Steven Anderson, president/CEO and chairman of CryoLife, signed the letter to Medafor.

"We urge you to enter into discussions with us in a timely manner as delaying negotiations with us simply delays the creation of value for your shareholders," Anderson said in the letter. "We believe that CryoLife's resources and financial strength will maximize the potential of Medafor and its hemostatic technology for the benefit of patients and shareholders."

Anderson added in the letter that CryoLife prefers to work with Medafor and its advisors to negotiate a "mutually agreeable" transaction, but said that if Medafor continues to delay or refuses to meet with CryoLife, "we will be forced to consider all our options." This includes exercising its right to call a special shareholders meeting as provided for under Medafor's bylaws, he noted.

CryoLife made its first serious play for Medfor last month, making an initial purchase of 1.6 million Medfor shares, which was a roughly 8% ownership stake at the time.

CryoLife has the exclusive right to distribute Medafor's MPH polysaccharide hemostatic technology under the private label HemoStase within the U.S. for use in cardiac and vascular surgery and in many international markets for cardiac, vascular, and general surgery, subject to certain exclusions. CryoLife achieved $6 million in sales of HemoStase in 2009. Anderson said he views the Medfor products as a perfect complement to CryoLife's BioGlue technology, which would allow it to offer surgeons a full range of products to assist in controlling and preventing bleeding.

In other dealmaking activity:

• IPC The Hospitalist Company (North Hollywood, California), a national hospitalist physician group practice company, said it has acquired the hospitalist practice of Arizona Medical Services, d.b.a. Old Pueblo Medical Consultants (Tucson). The acquisition of Old Pueblo represents continued expansion in the Tucson market, where IPC has a long-standing presence, the company said.

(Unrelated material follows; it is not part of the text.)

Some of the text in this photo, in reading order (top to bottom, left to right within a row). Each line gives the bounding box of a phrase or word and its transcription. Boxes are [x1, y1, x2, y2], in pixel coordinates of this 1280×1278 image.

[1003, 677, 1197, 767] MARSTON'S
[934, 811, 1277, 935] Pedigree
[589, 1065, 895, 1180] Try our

Practicing in 22 skilled nursing facilities and four assisted living facilities, Old Pueblo has an annualized volume of more than 30,000 patient encounters.

"The purchase of Old Pueblo, our first for 2010, continues our acquisition program at a steady pace," said Adam Singer, MD, CEO/chairman of IPC. "In 2009 we completed eight acquisitions both in existing markets and in new markets. More and more hospitalist practice groups are looking to IPC for growth capital, business infrastructure, and experienced management, all key ingredients for achieving quality patient care and better alignment with the goals of the medical facilities."

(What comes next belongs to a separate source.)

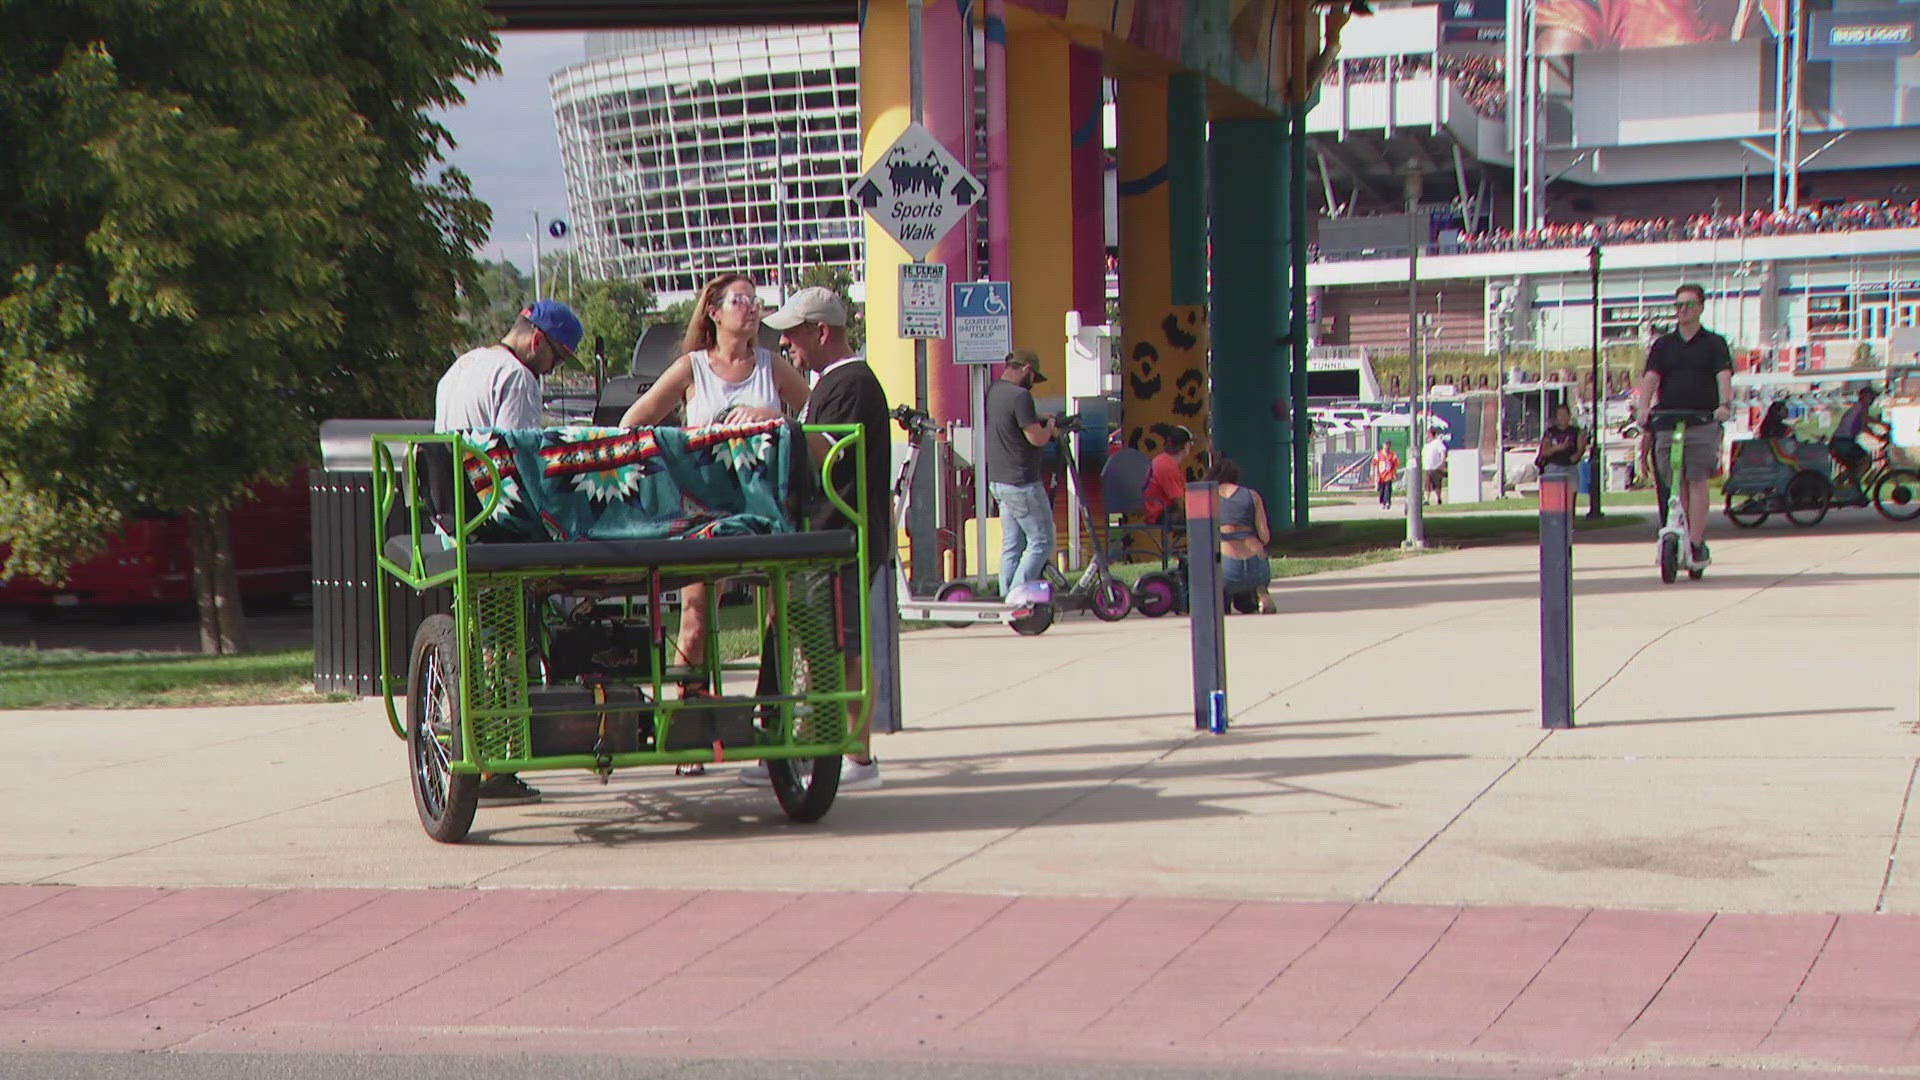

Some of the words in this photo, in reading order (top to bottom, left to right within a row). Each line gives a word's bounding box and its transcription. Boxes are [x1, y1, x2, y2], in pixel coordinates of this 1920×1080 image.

[891, 201, 943, 221] Sports
[900, 223, 936, 240] Walk
[959, 286, 974, 308] 7

John Wadleigh, DO, founder and CEO of Old Pueblo, joins IPC as a practice group leader for the Tucson region.

"IPC's excellent reputation for quality care, both in acute and long-term care facilities, provides us a significant opportunity to reach new levels of clinical integration and effective transition of care, to the benefit of our patients," Wadleigh said.

• IMS Health (Norwalk, Connecticut), a provider of market intelligence to the pharmaceutical and healthcare industries, said its stockholders approved the proposal to adopt the merger agreement providing for its acquisition by entities created by certain affiliates of TPG Capital and the CPP investment board.

According to the final tally of shares voted, more than 75% of the outstanding shares of common stock of IMS Health as of the close of business on Dec. 28, voted to approve the proposal to adopt the merger agreement, IMS said.

The consummation of the merger remains subject to the satisfaction or waiver of certain other closing conditions set forth in the merger agreement, the company noted. Assuming all conditions are satisfied, the company expects to complete the merger by the end of the first quarter.